We are through the first weekend of the 2022 NCAA Tournament, and guess what? It turns out, maybe the ACC wasn’t the pathetic, dead, historically bad conference that we’ve been told it was for the last five months. In fact, the terrible ACC is currently tied with the Big-12 for the most teams in the Sweet Sixteen with Duke, UNC, and Miami all advancing.
Let’s take a quick look at the NCAA tournament records by some of the conferences this season:
Big East: 5-4
Imaging my shock. The great SEC and Big-10 conferences, who were often propped up as the best conferences in college basketball this season, completely flopped. The SEC had one of the worst tournaments of all time, losing five of their six teams in the first weekend, including 2 two seeds (Auburn, Kentucky) and a three seed (Tennessee). Not to be outdone, the mighty Big-10, which got an absurd 9 bids for the second year in a row, lost all but Purdue and Michigan after one weekend.
The Big Ten has put 18 teams into the last two NCAA Tournaments. Only three of those teams have advanced to the Sweet 16.— Jon Rothstein (@JonRothstein) March 21, 2022
It seems like all those Q1 wins couldn’t save conference champion Iowa from getting upset by 12 seed Richmond, or regular season champions Wisconsin and Illinois from getting bounced in the second round.
Houston won 1 Quad 1 game. Illinois won 6 Quad 1 games. I can't believe this is happening!— Ken Pomeroy (@kenpomeroy) March 20, 2022
This is not to try to say that the ACC was the best conference in basketball this season, but rather to point out that the media narrative that the ACC was historically bad this season was wildly inaccurate. This was a conference that some people said in January was only deserving of one NCAA Tournament bid this season.

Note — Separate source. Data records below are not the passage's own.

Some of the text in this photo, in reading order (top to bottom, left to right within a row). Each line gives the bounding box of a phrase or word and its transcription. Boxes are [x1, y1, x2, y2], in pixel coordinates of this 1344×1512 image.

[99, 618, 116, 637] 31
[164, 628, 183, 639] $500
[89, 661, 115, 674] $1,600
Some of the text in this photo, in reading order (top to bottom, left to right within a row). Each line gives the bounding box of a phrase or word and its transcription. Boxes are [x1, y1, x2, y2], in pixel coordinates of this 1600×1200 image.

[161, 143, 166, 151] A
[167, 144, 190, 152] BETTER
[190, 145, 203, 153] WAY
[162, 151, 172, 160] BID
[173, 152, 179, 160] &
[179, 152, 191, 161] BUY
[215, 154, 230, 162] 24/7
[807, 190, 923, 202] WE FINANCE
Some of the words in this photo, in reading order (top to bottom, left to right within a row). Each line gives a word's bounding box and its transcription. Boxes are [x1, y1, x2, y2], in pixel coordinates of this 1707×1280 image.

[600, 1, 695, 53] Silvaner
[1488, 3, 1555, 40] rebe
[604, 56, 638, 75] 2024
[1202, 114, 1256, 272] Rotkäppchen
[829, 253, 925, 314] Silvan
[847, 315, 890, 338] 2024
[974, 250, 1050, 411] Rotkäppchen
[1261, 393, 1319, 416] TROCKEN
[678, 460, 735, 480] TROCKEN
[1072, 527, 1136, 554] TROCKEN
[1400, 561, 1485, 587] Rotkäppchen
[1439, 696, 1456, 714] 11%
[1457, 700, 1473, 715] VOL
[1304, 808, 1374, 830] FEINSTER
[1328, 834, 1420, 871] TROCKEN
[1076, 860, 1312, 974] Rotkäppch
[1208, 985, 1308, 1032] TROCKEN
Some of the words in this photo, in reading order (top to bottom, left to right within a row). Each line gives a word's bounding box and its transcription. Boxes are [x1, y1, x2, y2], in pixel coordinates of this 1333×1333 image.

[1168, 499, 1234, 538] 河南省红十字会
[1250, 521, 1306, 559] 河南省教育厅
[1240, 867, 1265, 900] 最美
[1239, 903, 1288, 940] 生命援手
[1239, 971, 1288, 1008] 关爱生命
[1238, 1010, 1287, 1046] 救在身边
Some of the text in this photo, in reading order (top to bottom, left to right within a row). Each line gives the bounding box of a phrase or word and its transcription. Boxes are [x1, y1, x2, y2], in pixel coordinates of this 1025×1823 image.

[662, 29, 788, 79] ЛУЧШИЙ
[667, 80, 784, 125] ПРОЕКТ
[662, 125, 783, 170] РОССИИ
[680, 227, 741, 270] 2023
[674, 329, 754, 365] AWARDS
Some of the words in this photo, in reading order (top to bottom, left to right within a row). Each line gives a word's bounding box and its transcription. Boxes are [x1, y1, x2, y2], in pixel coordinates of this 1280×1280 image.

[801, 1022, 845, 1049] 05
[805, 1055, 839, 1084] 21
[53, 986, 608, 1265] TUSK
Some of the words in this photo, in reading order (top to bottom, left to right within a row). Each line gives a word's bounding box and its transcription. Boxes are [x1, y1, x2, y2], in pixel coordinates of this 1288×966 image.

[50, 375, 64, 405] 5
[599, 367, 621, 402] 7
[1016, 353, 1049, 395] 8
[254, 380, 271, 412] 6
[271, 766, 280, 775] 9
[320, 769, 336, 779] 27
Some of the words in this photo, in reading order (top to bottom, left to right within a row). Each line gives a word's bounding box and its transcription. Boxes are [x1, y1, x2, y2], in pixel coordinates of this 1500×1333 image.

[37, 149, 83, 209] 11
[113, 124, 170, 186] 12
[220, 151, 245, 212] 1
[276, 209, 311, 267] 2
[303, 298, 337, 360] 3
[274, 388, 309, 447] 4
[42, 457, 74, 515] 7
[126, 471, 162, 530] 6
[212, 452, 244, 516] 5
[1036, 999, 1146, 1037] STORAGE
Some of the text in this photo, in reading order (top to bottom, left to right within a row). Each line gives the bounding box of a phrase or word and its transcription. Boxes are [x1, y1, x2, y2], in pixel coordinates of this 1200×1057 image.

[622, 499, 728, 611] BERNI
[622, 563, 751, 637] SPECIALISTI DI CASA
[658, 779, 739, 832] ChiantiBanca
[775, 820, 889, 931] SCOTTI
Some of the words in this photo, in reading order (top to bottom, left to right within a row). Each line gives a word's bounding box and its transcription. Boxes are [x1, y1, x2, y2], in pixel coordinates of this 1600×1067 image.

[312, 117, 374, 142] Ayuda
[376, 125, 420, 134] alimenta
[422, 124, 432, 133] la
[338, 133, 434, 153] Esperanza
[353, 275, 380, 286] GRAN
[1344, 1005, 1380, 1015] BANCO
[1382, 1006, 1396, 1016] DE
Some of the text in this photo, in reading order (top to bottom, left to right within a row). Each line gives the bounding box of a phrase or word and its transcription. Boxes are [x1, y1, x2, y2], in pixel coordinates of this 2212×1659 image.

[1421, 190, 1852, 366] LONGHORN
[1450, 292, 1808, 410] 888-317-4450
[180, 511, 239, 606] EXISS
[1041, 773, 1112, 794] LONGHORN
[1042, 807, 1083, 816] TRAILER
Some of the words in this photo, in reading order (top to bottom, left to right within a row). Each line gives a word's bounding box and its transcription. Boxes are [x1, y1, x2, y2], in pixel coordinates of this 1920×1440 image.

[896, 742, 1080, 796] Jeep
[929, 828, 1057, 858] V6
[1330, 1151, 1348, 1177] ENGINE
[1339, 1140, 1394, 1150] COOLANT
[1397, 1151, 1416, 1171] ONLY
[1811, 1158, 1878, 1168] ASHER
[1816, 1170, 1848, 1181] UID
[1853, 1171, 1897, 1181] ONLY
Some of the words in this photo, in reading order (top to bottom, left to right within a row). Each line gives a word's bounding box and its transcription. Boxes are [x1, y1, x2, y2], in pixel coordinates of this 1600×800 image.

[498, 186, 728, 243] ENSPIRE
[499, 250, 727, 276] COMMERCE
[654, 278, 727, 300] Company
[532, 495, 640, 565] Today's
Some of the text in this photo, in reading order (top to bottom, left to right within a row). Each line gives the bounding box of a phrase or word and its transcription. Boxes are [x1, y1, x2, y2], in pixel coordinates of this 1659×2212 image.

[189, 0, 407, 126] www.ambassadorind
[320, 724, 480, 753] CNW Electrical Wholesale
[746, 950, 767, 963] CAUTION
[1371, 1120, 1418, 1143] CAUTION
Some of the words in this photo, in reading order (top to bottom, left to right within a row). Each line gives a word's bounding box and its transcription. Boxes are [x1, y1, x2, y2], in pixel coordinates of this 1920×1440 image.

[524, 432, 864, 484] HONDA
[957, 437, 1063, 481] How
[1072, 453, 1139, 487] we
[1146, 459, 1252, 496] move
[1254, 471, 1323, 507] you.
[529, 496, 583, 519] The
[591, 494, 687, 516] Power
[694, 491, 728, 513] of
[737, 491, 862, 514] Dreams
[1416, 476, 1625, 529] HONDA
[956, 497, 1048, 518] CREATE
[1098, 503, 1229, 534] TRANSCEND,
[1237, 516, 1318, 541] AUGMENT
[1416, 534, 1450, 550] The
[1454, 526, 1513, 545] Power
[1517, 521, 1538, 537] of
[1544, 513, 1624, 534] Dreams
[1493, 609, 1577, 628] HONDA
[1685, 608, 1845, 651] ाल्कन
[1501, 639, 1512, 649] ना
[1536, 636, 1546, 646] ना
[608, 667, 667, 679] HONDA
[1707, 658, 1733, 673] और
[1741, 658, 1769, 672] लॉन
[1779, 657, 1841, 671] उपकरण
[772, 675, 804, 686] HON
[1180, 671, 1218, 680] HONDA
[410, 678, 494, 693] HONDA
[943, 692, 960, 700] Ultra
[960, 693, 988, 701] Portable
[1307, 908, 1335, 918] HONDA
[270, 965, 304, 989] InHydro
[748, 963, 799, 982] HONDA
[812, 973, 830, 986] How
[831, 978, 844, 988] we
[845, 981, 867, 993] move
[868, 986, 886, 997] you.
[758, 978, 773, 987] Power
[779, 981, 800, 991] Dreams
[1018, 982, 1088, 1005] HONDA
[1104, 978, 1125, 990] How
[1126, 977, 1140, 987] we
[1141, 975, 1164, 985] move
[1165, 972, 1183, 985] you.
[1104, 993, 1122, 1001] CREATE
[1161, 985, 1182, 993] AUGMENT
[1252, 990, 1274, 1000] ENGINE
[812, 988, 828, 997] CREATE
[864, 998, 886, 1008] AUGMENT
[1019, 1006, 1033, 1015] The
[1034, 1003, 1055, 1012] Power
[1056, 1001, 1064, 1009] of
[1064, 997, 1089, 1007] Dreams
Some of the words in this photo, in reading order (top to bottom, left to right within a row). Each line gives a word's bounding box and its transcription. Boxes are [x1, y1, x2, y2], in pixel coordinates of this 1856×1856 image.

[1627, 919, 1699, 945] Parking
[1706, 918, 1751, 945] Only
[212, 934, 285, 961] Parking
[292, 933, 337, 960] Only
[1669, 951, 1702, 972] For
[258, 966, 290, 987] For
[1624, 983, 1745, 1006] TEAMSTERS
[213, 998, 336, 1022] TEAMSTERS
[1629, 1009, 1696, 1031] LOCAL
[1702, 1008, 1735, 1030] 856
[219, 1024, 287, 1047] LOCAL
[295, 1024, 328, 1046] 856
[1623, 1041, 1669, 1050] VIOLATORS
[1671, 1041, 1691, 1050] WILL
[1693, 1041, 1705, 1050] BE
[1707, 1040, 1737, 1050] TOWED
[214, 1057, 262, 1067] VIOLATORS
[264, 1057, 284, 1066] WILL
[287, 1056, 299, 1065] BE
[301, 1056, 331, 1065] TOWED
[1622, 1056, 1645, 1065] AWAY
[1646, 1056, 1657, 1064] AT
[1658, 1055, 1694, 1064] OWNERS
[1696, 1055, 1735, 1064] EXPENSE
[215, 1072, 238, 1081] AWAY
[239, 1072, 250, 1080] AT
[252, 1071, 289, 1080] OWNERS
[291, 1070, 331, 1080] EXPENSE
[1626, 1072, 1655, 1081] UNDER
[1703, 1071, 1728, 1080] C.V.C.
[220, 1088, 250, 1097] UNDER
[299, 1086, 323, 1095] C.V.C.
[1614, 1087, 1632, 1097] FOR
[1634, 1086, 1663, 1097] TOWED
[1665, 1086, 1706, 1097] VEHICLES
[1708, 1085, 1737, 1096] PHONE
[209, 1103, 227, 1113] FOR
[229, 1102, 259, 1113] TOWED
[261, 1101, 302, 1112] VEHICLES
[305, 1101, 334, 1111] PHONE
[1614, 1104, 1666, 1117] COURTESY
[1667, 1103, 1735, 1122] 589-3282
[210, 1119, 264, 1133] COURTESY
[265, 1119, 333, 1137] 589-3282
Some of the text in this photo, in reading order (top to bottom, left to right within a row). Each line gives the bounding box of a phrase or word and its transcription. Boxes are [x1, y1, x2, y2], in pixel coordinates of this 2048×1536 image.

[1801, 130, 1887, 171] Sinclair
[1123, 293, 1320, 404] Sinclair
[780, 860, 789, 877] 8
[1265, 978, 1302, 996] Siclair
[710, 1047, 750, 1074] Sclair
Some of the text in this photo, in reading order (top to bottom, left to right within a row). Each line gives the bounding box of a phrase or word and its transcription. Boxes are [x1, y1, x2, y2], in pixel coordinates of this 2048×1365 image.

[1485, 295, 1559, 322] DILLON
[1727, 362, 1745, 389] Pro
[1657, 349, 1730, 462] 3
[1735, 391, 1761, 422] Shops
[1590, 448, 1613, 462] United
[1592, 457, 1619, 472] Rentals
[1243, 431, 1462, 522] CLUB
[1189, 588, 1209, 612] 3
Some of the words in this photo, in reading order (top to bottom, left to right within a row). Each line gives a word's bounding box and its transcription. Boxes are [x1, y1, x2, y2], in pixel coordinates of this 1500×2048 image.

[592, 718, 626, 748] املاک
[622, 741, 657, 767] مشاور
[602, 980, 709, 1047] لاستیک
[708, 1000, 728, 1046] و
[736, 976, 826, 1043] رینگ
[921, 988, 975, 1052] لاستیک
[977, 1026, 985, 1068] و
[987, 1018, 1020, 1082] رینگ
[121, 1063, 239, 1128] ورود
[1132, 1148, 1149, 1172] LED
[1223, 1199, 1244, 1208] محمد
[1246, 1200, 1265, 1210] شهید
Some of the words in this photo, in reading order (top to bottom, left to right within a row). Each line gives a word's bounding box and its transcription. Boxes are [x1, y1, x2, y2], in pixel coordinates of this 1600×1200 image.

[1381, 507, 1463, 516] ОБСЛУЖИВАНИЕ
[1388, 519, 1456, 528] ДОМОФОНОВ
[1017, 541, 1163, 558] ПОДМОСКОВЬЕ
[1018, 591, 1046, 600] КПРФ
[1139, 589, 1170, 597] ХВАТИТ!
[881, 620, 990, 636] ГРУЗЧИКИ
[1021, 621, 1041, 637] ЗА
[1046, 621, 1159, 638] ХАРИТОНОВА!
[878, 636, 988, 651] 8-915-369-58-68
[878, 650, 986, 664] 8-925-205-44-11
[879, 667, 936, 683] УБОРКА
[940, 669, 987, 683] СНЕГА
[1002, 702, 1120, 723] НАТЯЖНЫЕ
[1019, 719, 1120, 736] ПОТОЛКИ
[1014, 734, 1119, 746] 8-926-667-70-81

Had Virginia Tech not gone on a run in the ACC Tournament, the ACC would have ended up being a 4-bid conference. The committee also thought the Mountain West was a 4-bid conference, and they lost all 4 teams before the sun even went down on the first day of the tournament.
Our second-place team, Notre Dame, was a last four team in, which still didn’t stop them from winning two games (including upsetting Alabama) before they came about a minute away from knocking out #3 Texas Tech. Our third-place team, UNC, was apparently barely going to make the tournament for much of the final week of the season and went on to upset #1 seed Baylor (and they honestly slaughtered them until the refs ejected Manek). The ACC’s third place team Miami went on to stomp #2 Auburn by 18 points and Duke just took care of business. Even with VT losing their first game, the ACC is 8-2 in the NCAA Tournament this season. If you throw in Wake and UVA in the NIT, the conference is 12-2 in the 2022 postseason. Doesn’t quite sound like a down year to me.
I know what you’re thinking: A single elimination tournament where luck and matchups are probably just as important as the overall strength of the two teams isn’t a great metric of which conferences are strong. You are probably right. But then, how do a bunch of random games in November and December determine which conferences are strong? Especially when players are completely new, and coaches are still trying to figure out what rotations work best for their team. Does a loss to St. Peter’s mean less if it occurs in the tournament than if it occurred in November? In my opinion, games in November and December matter a whole lot less than games at the end of the season, after a team has played together for 30 games.
Perhaps Miami Head Coach Jim Larrañaga said it best after the ACC Tournament: “...there have been some teams in our league that they had to bring in five transfers and then play them a bunch...It takes you a month, and then during that month you might lose a few games to even low major, mid-major, quad four, quad three teams when you’re making the adjustment because not only are the players making the adjustment, the coaches as well. You say, don’t other leagues have that? No, not like we do. We had 57 transfers come into our league. It’s like half the league is brand new. So it takes a little time.”
This has been a really long-winded way to dunk on the NCAA Tournament committee and get to this final point: If the narrative of the ACC being historically down this year had not taken hold in November, then a Wake Forest team that is 13-7 in the conference absolutely makes the NCAA Tournament. In that regard, even if I find it impossible to root for Duke and UNC, I hope the ACC keeps smashing teams in the NCAA Tournament, just make the talking heads look as stupid as they sound. Put some respect on the ACC and Go Deacs!